Versuchsweise hat Lambert sie einmal tagsüber eingespielt. „Atmosphärisch hat das leider nicht funktioniert, obwohl sie vom Pianistischen her besser klangen.“ Seine Erklärung dafür ist so einfach wie bestechend: „Nachts leuchtet die Welt da draußen nicht mehr. Deswegen ist sie auch nicht da. Es ist leichter, die Steuererklärung Steuererklärung sein zu lassen.“
Bewusst für Auszeiten entscheiden
Ebenfalls ein Manifest zur Nacht veröffentlicht hat der britische Post-Klassik-Komponist Max Richter. Ihm geht es weniger um die besondere Stimmung, die die Dunkelheit mit sich bringt. Vielmehr erinnert sein Stück „Sleep“ daran, wofür die Nacht vor allem reserviert sein sollte: Schlaf. Seine Komposition für Streicher, Klavier, Elektronik und eine lautmalerisch eingesetzte Stimme bezeichnet er als Einladung, abzuschalten: „Neue Technologien sind toll, doch sie stimulieren ohne Ende unsere Neugierde. Die Kehrseite ist, dass man sich für Auszeiten bewusst entscheiden muss. Ruhe kehrt nicht mehr von alleine ein“, so Richters Beobachtung.
Auch der Brite interessiert sich für ein Reibungsverhältnis: nämlich, wie sich Schlaf und Informationsverarbeitung zueinander verhalten. „Zumindest in der westlichen Welt kuratiert fast jeder Mensch heutzutage sein eigenes Informationsuniversum“, sagt Richter. Die damit einhergehende Vernetzung torpediert unsere Nachtruhe. 24/7-Kommunikationsoptionen sorgen dafür, dass nicht nur unsere elektronischen Endgeräte, sondern wir selbst in einem Always-on-Modus sind.

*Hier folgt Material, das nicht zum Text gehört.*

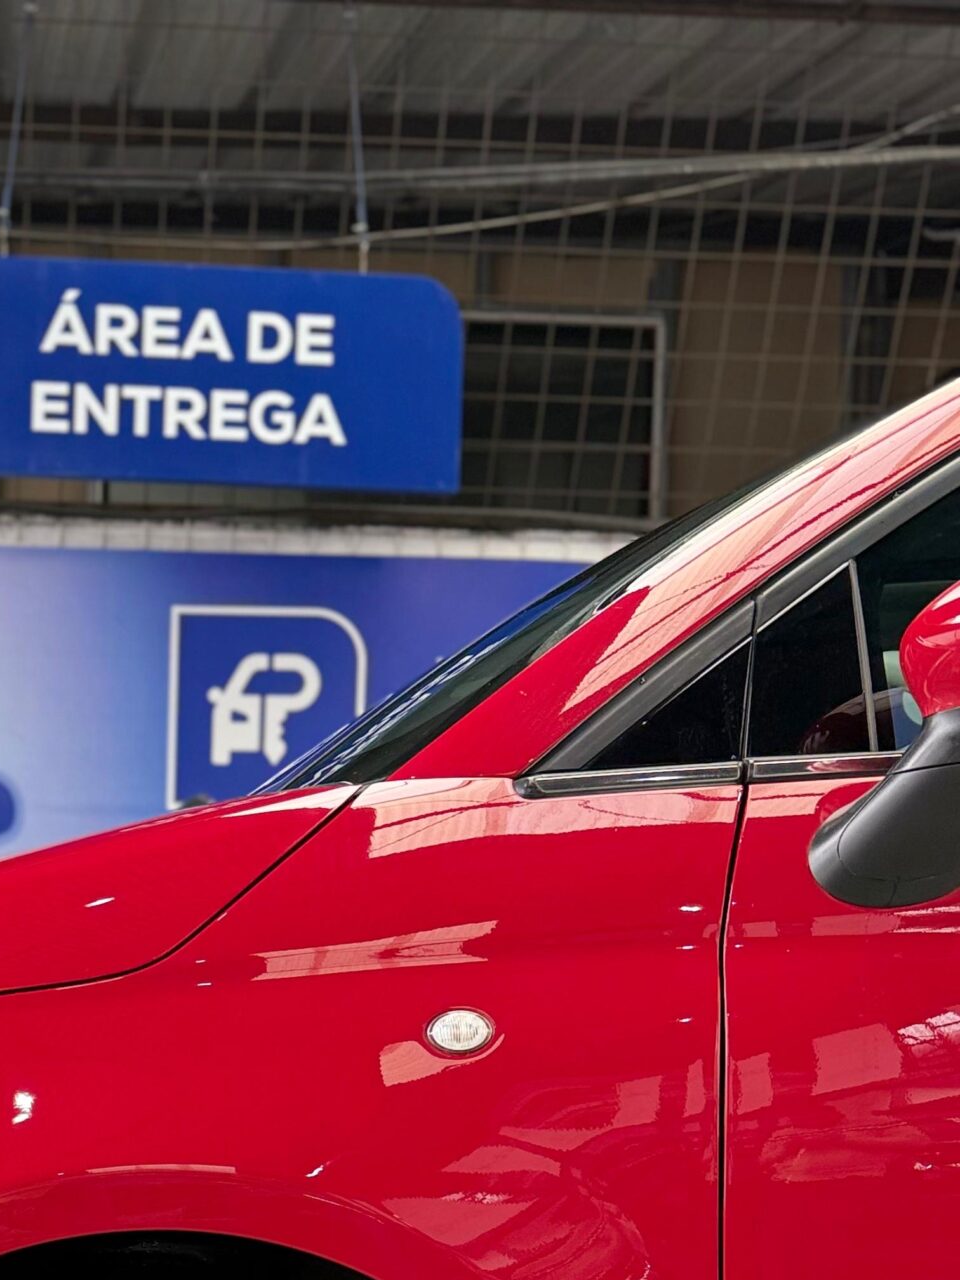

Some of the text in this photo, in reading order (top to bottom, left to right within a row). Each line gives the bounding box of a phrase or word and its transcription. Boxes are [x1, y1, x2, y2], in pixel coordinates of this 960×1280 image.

[40, 288, 336, 366] ÁREA DE
[30, 380, 347, 447] ENTREGA
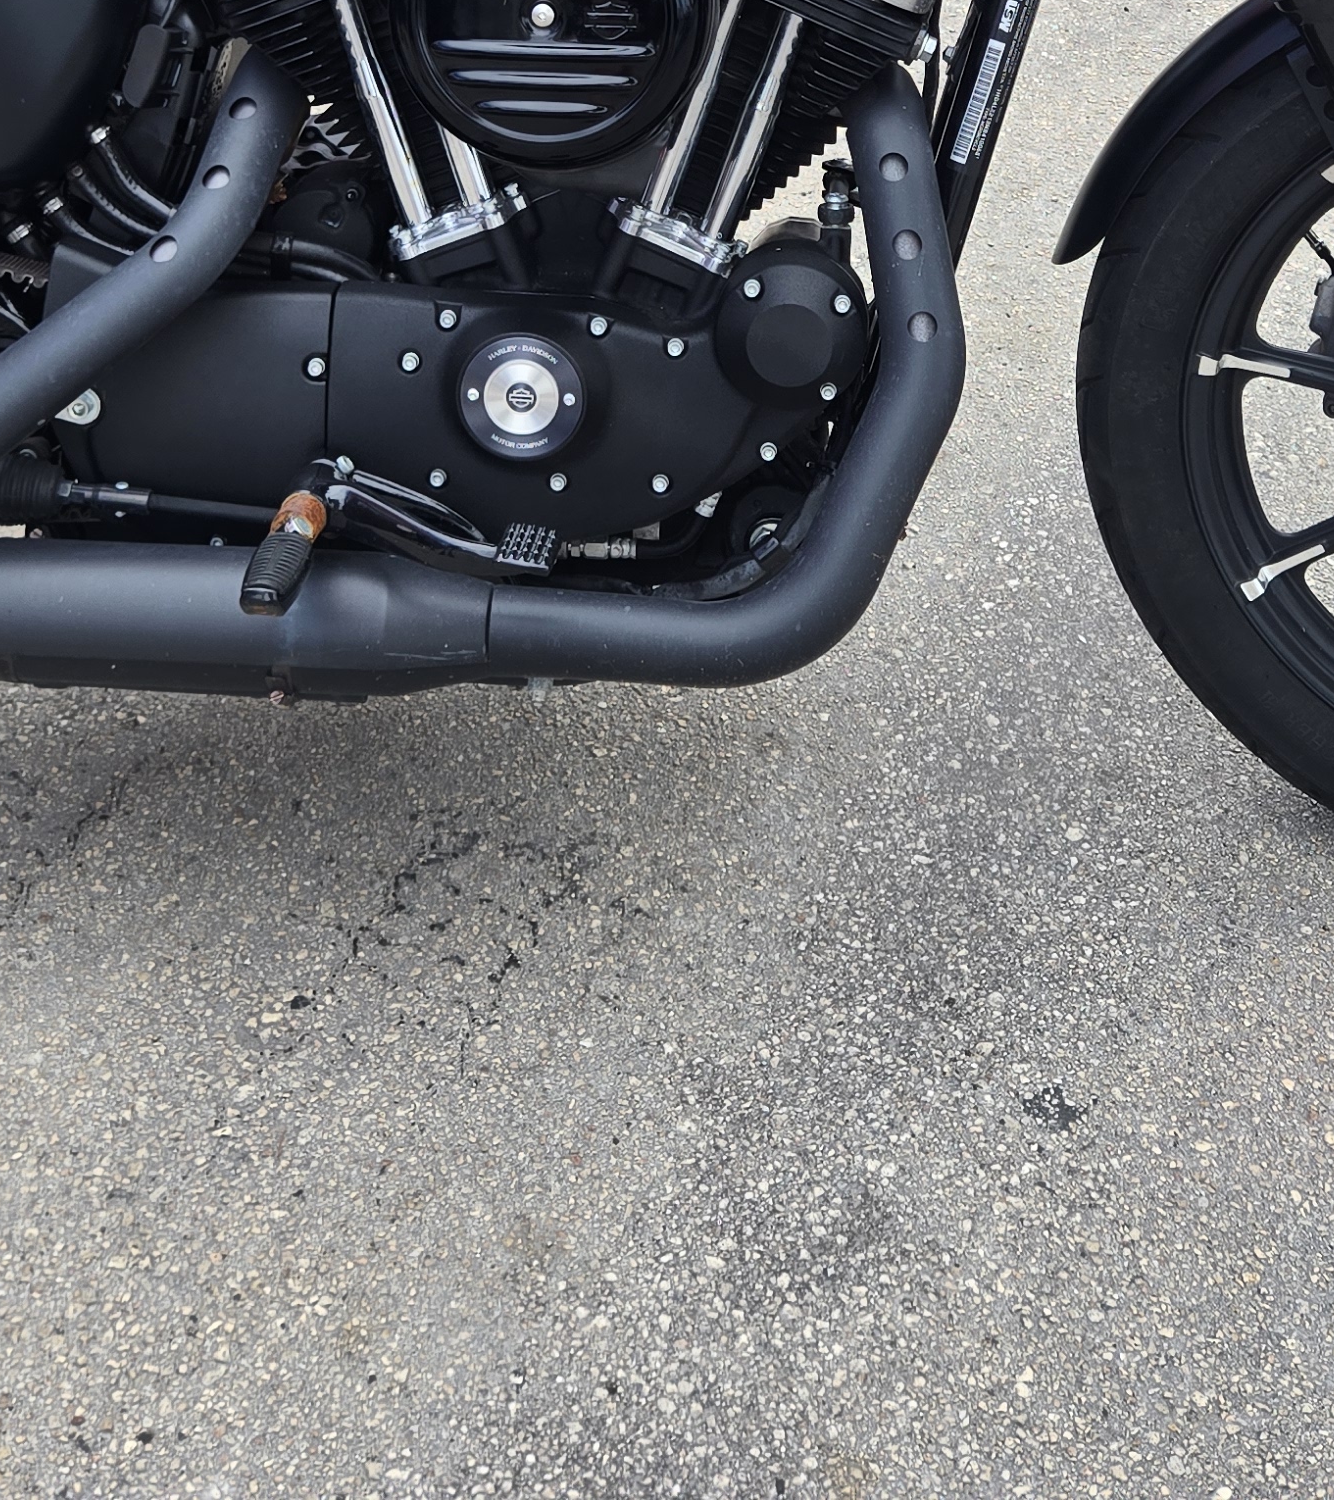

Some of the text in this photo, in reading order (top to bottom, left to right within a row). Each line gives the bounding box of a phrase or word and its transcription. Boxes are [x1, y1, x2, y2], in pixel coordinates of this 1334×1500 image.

[488, 345, 559, 364] HARLEY DAVIDSON
[491, 433, 549, 449] MOTOR COMPANY

„Zugleich brauchen wir den Schlaf, besonders fürs Lernen. Während wir abschalten, konsolidieren sich Erinnerungen.“ Unser Gehirn arbeitet nachts so hart wie am Tage. Im Zuge seiner Arbeit hat Richter sich mit dem Neurowissenschaftler David Eagleman über die Wirkung von Klängen auf die Traum-, Leicht- und Tiefschlafphase ausgetauscht. Doch auch wenn „Sleep“ mit Achteinhalbstunden so lange dauert wie ideale Nachtruhe: eine Schlafhilfe oder Abbildung der 90-Minuten-Zyklen, die wir jede Nacht mehrfach durchlaufen, soll das Stück nicht sein – „eher ein kreatives Experiment, bei dem sich Musik und der schlafende Geist treffen“, erklärt Richter.
Nähe zum Wiegenlied
Es gibt eine Kurzfassung, „from Sleep“ betitelt. Das Register wechselt dabei öfter als in der Langfassung. Trotzdem vergeht diese Stunde entschleunigt, es wirkt, als werde man durch wechselnde Landschaften getragen. Richters Musik ist im positiven Sinne einlullend – worin ja schon eine begriffliche Nähe zum englischen Begriff „lullaby“ steckt. Auch in Wiegenliedern fand Richter Inspiration für sein Projekt. „Schließlich sind sie ein universelles Element der menschlichen Kultur.“
Lambert: „Stay in the Dark“ (Staatsakt/Caroline);
Max Richter: „Sleep“ (Deutsche Grammophon/Universal);
Lambert live: 23. 10., FZH Lister Turm, Hannover; 24. 10., Kampnagel, Hamburg; 29. 11., Heimathafen, Berlin, wird fortgesetzt
Auch wenn Richter seine Hörer motivieren will, dem Schlaf Raum zu geben – wie Lambert nutzt er die Nacht gerne zum Arbeiten, am besten geht das für ihn zwischen 21 Uhr und 2 Uhr morgens. „Das Komponieren“, so Richter, „funktioniert ja sowieso eher wie ein Traum als wie Arbeit.“ Alle jene, die das von ihrem Job nicht sagen können, haben mit „Sleep“ nun den Soundtrack zur Nacht, der beim Runterfahren helfen kann – und deutlich interessanter klingt, als man das von konfektionierter Entspannungsmusik ansonsten gewöhnt ist.